What is expected.
Upon reaching the line that contains "this 2000×1125 image." in the records below, begin repeating every line exactly through the last one, skipping pictures.

=== Listed records ===

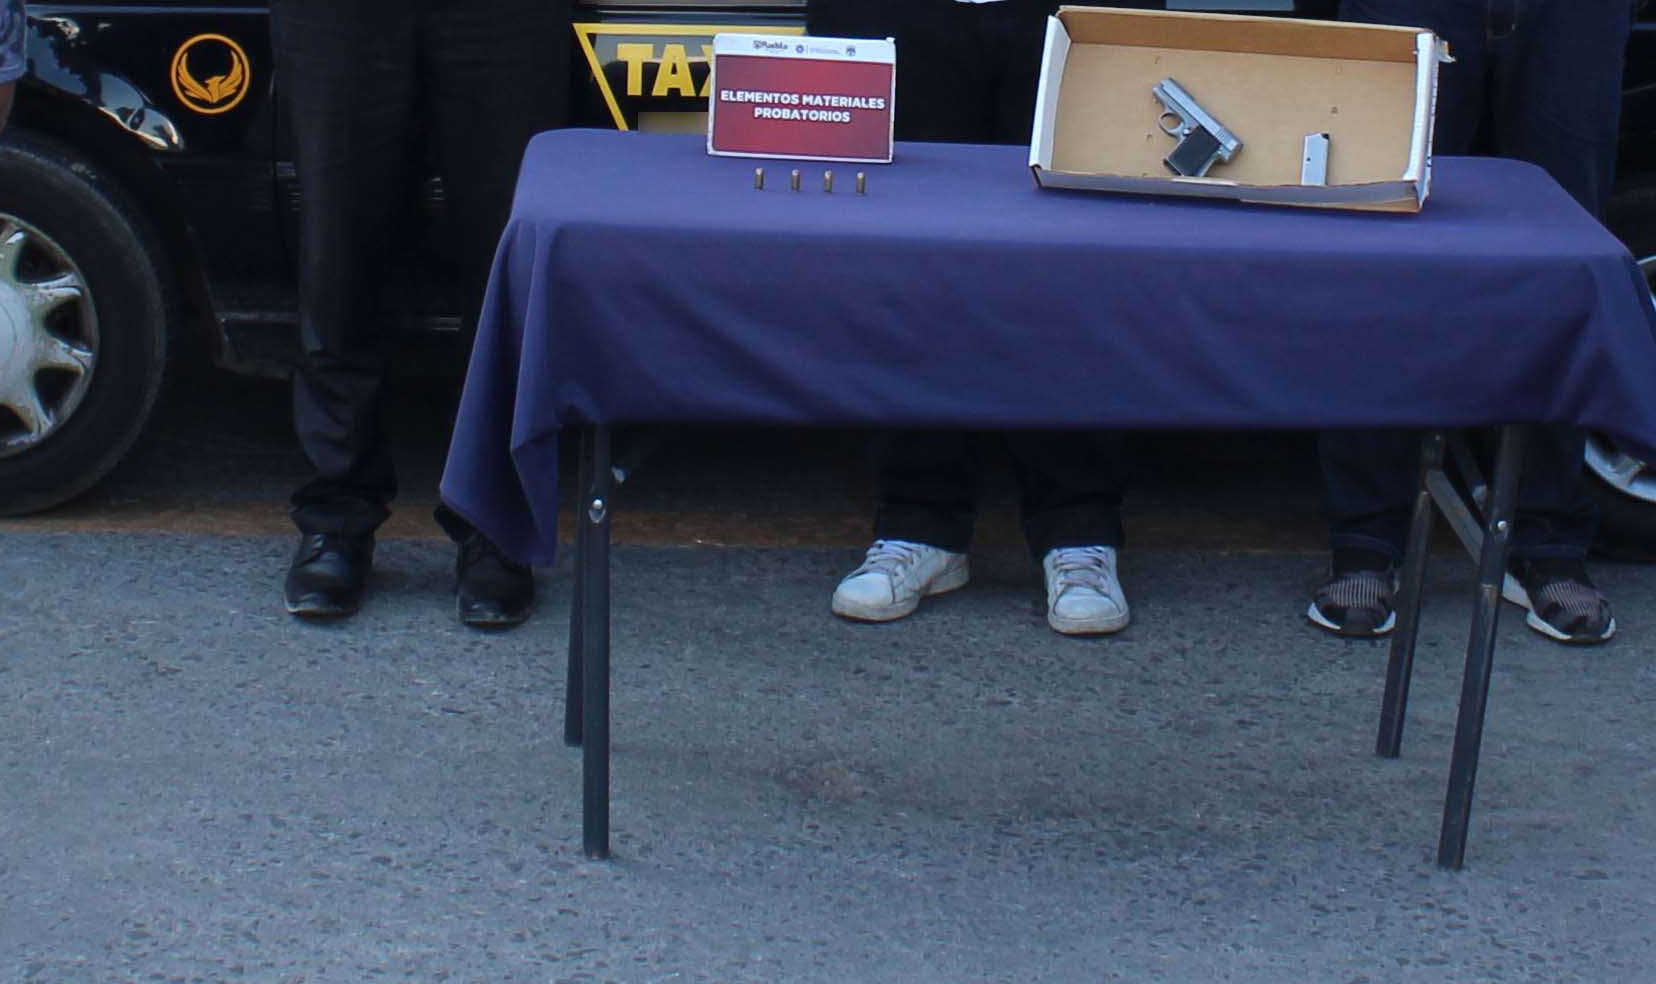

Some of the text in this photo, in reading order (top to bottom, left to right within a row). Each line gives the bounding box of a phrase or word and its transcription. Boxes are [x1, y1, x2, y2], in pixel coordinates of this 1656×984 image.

[721, 90, 885, 110] ELEMENTOS MATERIALES
[754, 107, 851, 123] PROBATORIOS
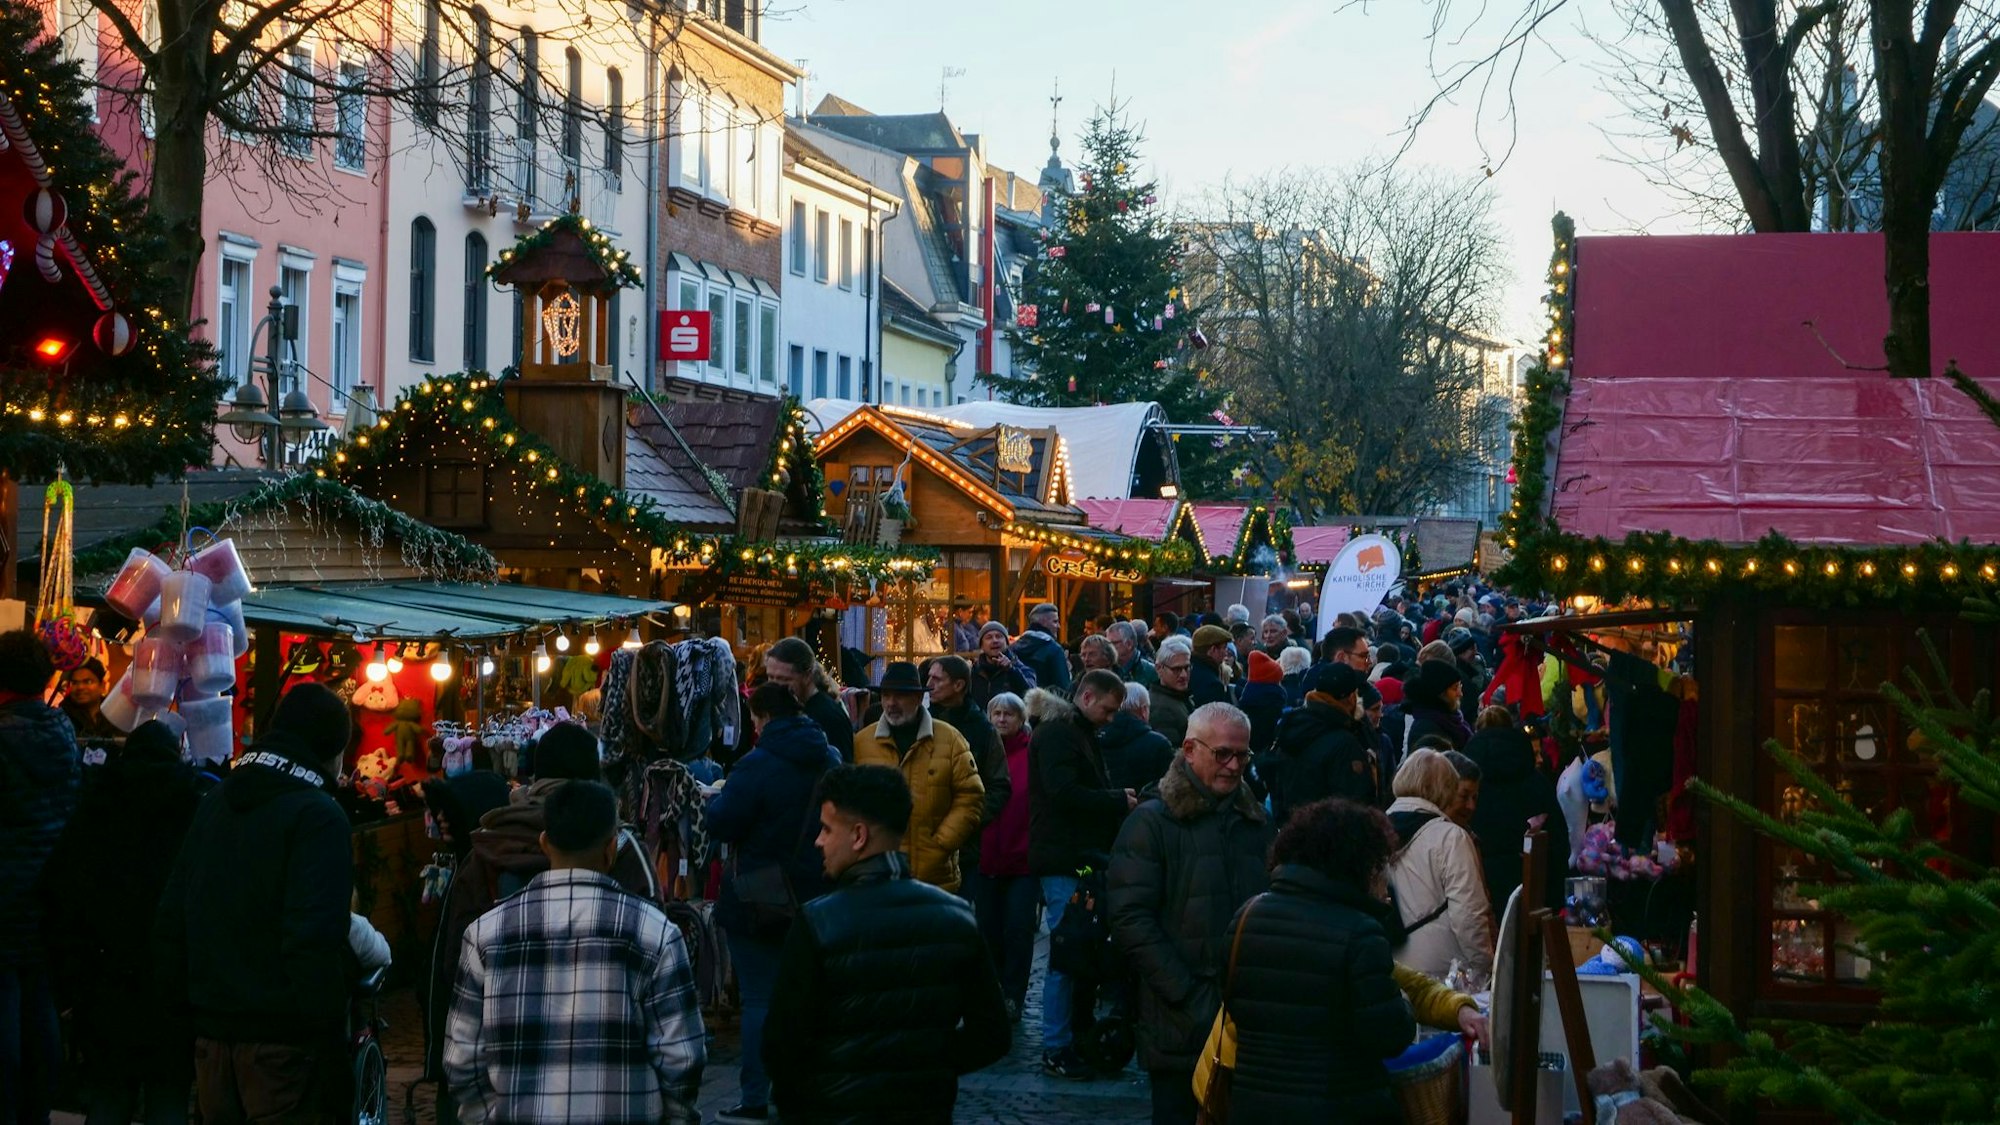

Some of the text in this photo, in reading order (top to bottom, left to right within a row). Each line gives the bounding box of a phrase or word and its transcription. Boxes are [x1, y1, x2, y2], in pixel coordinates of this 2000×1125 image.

[729, 576, 783, 588] REIBEKUCHEN
[1333, 574, 1385, 583] KATHOLISCHE
[1357, 581, 1386, 589] KIRCHE
[255, 752, 289, 771] EST.
[289, 762, 324, 787] 1982
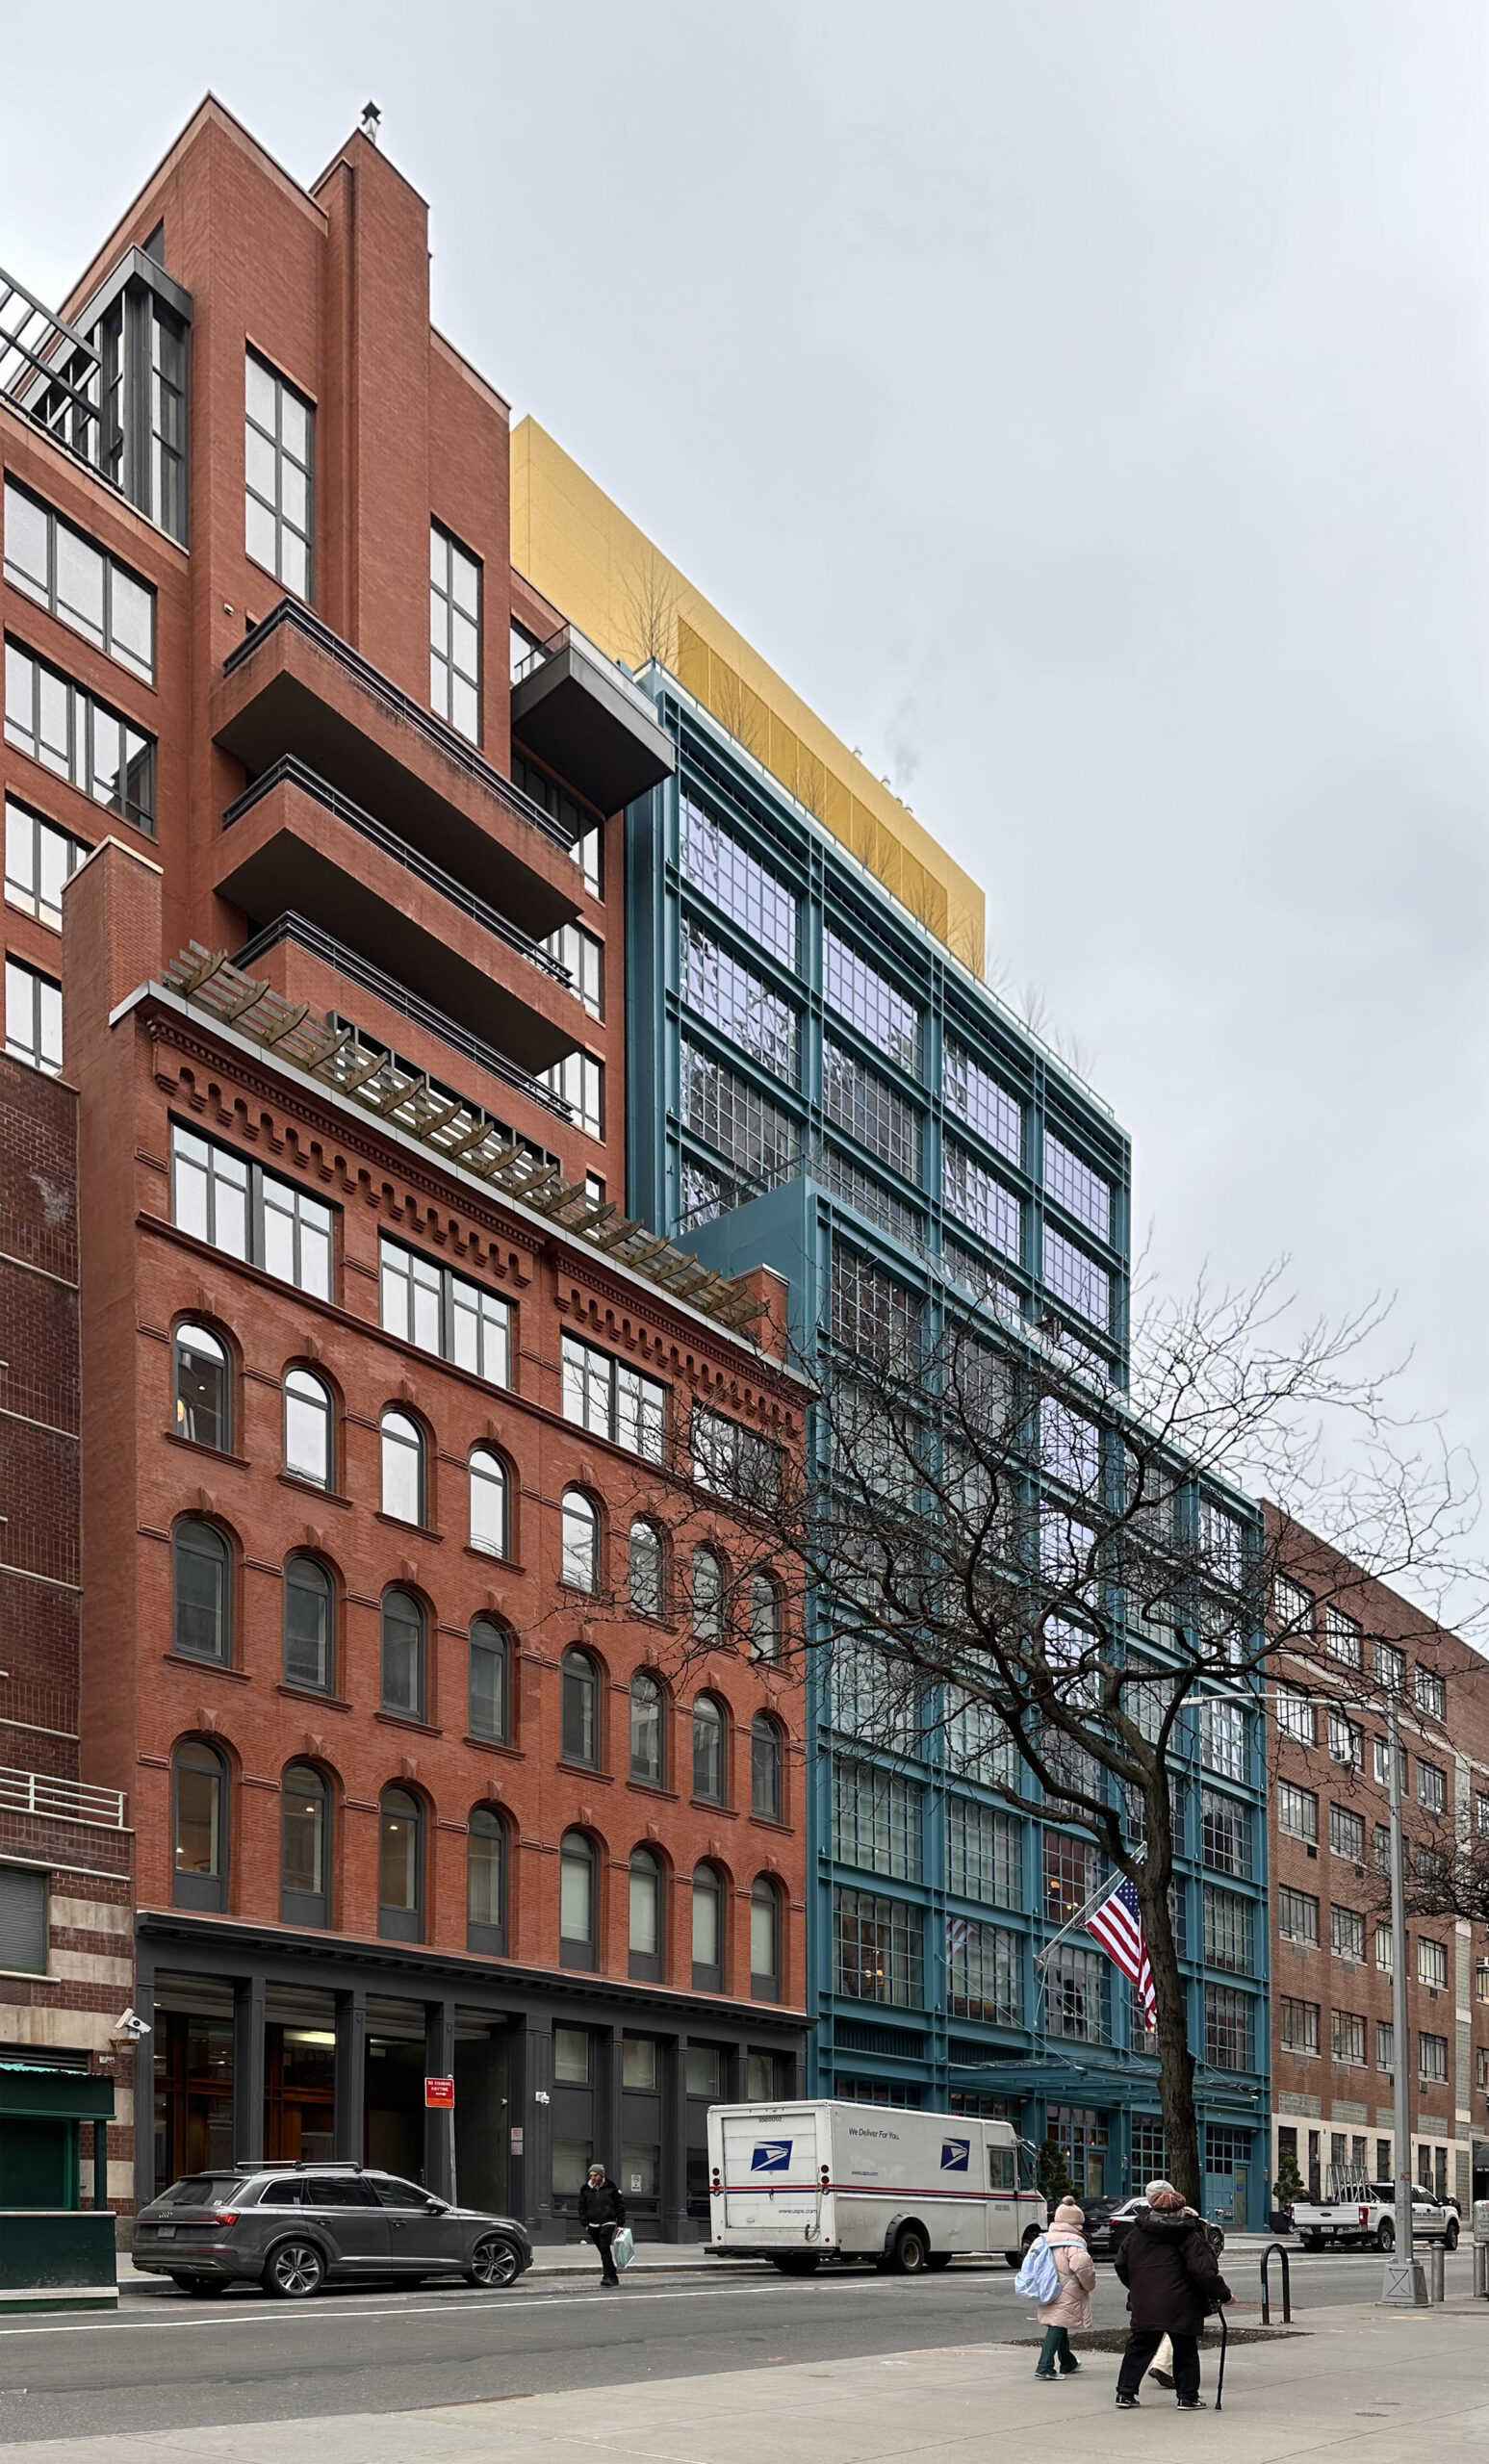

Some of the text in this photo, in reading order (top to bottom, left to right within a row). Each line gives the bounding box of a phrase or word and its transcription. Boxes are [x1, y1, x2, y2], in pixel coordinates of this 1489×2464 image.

===

Solution for this problem.
Some of the text in this photo, in reading order (top to bottom, left to right within a row). Each line gives the bounding box of a phrase or word and its transcription. Boxes are [x1, y1, x2, y2], in pixel coordinates of this 2000×1125 image.

[729, 576, 783, 588] REIBEKUCHEN
[1333, 574, 1385, 583] KATHOLISCHE
[1357, 581, 1386, 589] KIRCHE
[255, 752, 289, 771] EST.
[289, 762, 324, 787] 1982

Some of the text in this photo, in reading order (top to bottom, left to right within a row). Each line gives the bounding box of a phrase or word and its transcription. Boxes are [x1, y1, x2, y2], in pixel coordinates of this 1489×2464 image.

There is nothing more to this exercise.